## What you should do
Word for word, output the data, with none of its pictures.

## Data to process
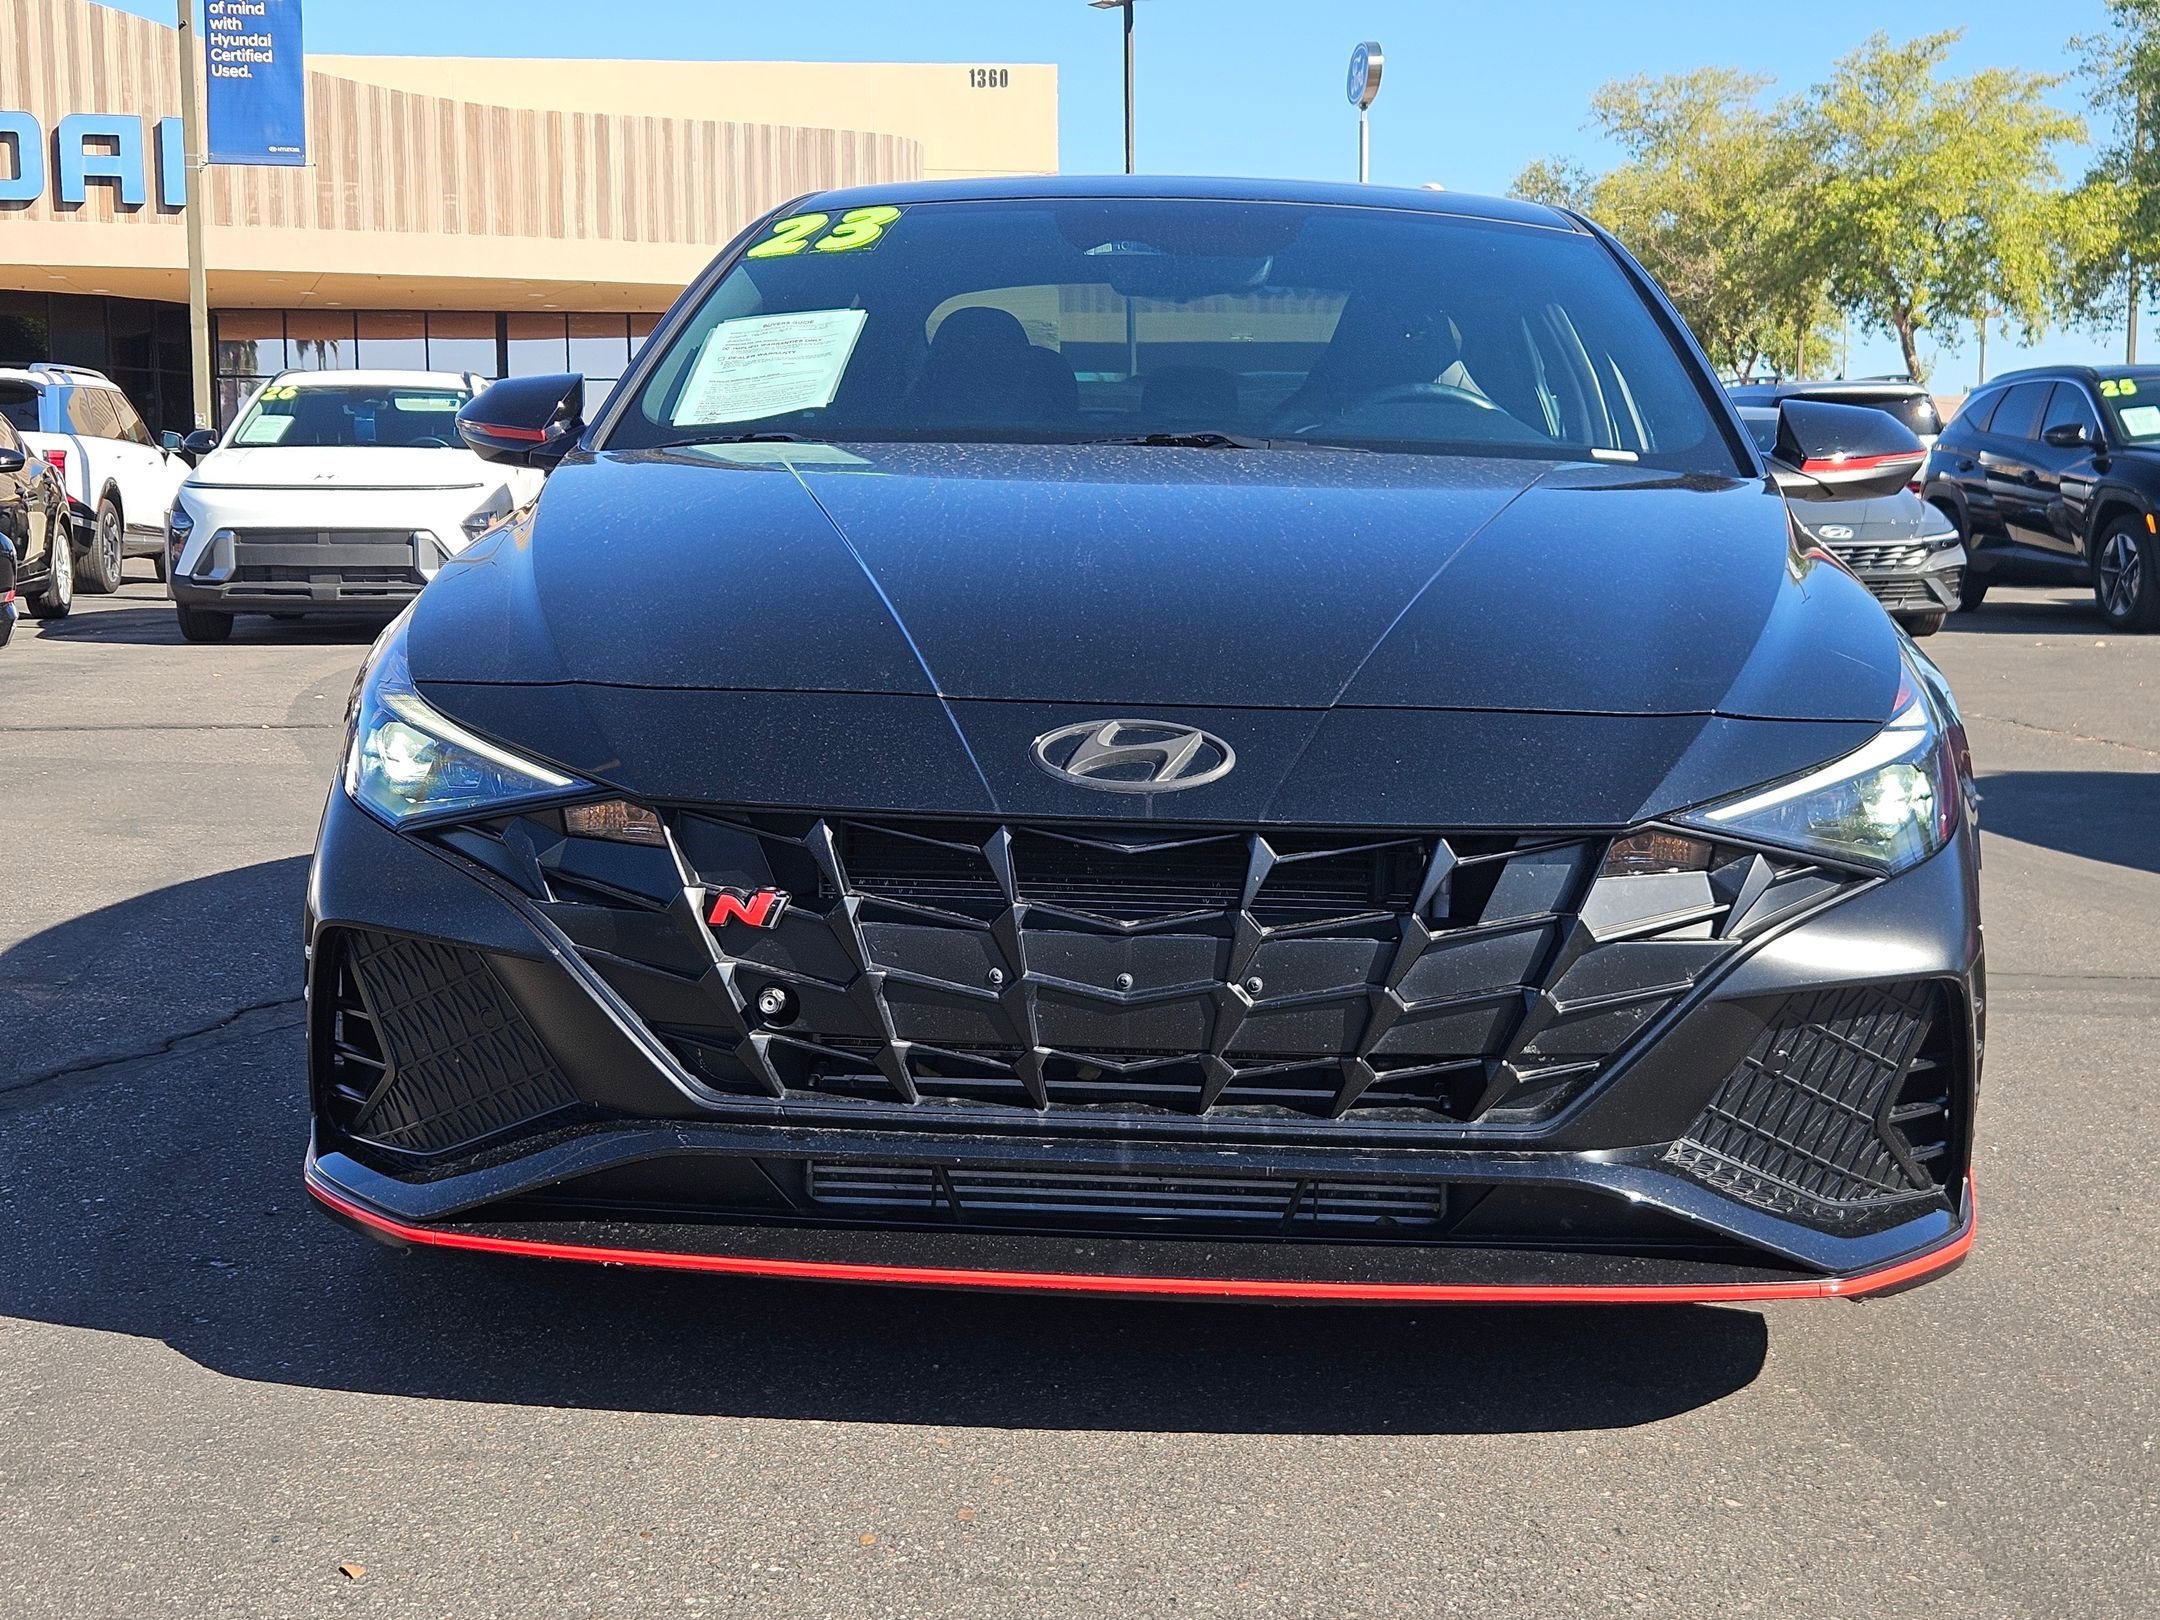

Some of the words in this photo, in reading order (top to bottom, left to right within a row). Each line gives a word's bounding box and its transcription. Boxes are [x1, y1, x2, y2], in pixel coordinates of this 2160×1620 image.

[209, 1, 225, 14] of
[227, 1, 265, 16] mind
[209, 16, 243, 30] with
[210, 32, 273, 48] Hyundai
[210, 48, 273, 63] Certified
[211, 64, 253, 78] Used.
[968, 68, 1008, 88] 1360
[746, 205, 902, 258] 23
[260, 385, 299, 400] 26
[2099, 378, 2137, 397] 25

## Response to the task
Some of the words in this photo, in reading order (top to bottom, left to right within a row). Each line gives a word's bounding box and its transcription. Boxes are [x1, y1, x2, y2], in pixel coordinates of this 2160×1620 image.

[209, 1, 225, 14] of
[227, 1, 265, 16] mind
[209, 16, 243, 30] with
[210, 32, 273, 48] Hyundai
[210, 48, 273, 63] Certified
[211, 64, 253, 78] Used.
[968, 68, 1008, 88] 1360
[746, 205, 902, 258] 23
[260, 385, 299, 400] 26
[2099, 378, 2137, 397] 25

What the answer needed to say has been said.